- Active: August 20, 1862 – June 7, 1865
- Country: United States
- Allegiance: Union
- Branch: Infantry
- Engagements: Battle of Perryville Battle of Stones River Tullahoma Campaign Battle of Chickamauga Siege of Chattanooga Battle of Missionary Ridge Atlanta campaign Battle of Resaca Battle of Kennesaw Mountain Siege of Atlanta Battle of Jonesboro Second Battle of Franklin Battle of Nashville

= 79th Indiana Infantry Regiment =

The 79th Regiment Indiana Infantry was an infantry regiment that served in the Union Army during the American Civil War.

==Service==
The 79th Indiana Infantry was organized at Indianapolis, Indiana, from August 20 through September 2, 1862, and mustered in for a three-year enlistment on September 2, 1862, under the command of Colonel Frederick Knefler.
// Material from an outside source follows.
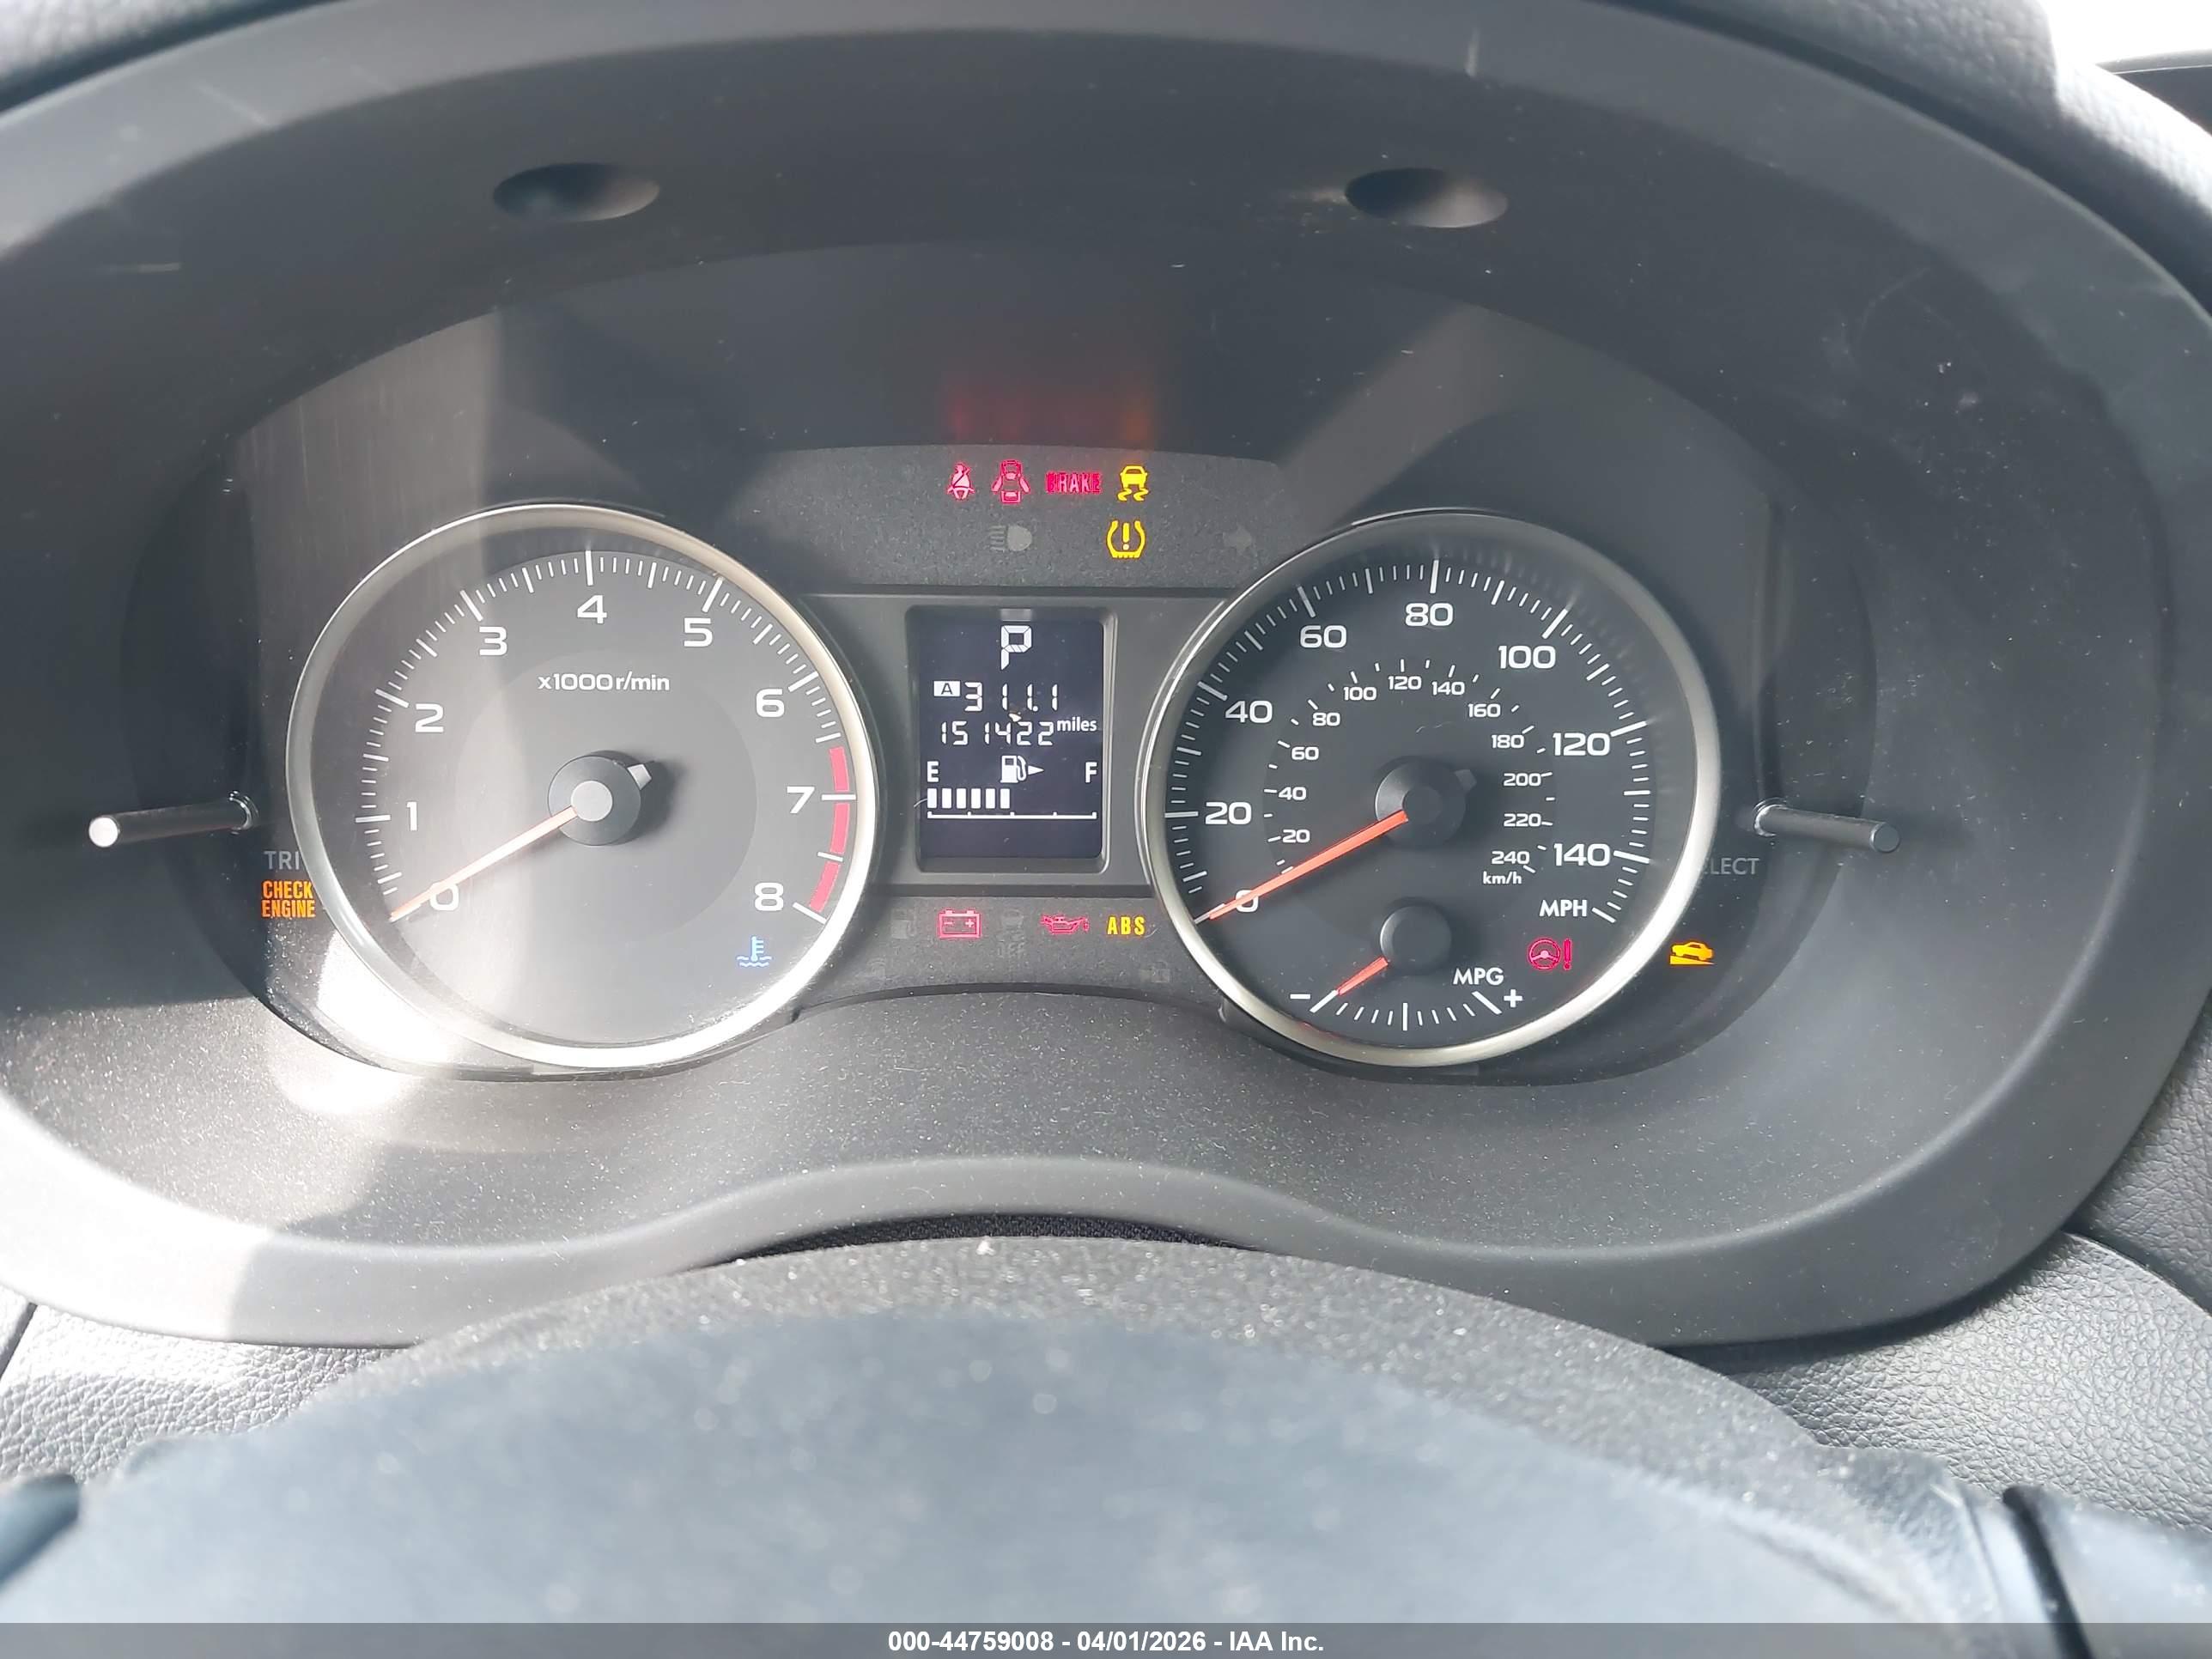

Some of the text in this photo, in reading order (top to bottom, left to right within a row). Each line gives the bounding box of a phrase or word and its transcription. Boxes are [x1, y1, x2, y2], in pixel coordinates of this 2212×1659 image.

The regiment was attached to 11th Brigade, 5th Division, Army of the Ohio, September 1862. 11th Brigade, 5th Division, II Corps, Army of the Ohio, to November 1862. 1st Brigade, 3rd Division, Left Wing, XIV Corps, Army of the Cumberland, to January 1863. 1st Brigade, 3rd Division, XXI Corps, Army of the Cumberland, to October 1863. 3rd Brigade, 3rd Division, IV Corps, Army of the Cumberland, to June 1865.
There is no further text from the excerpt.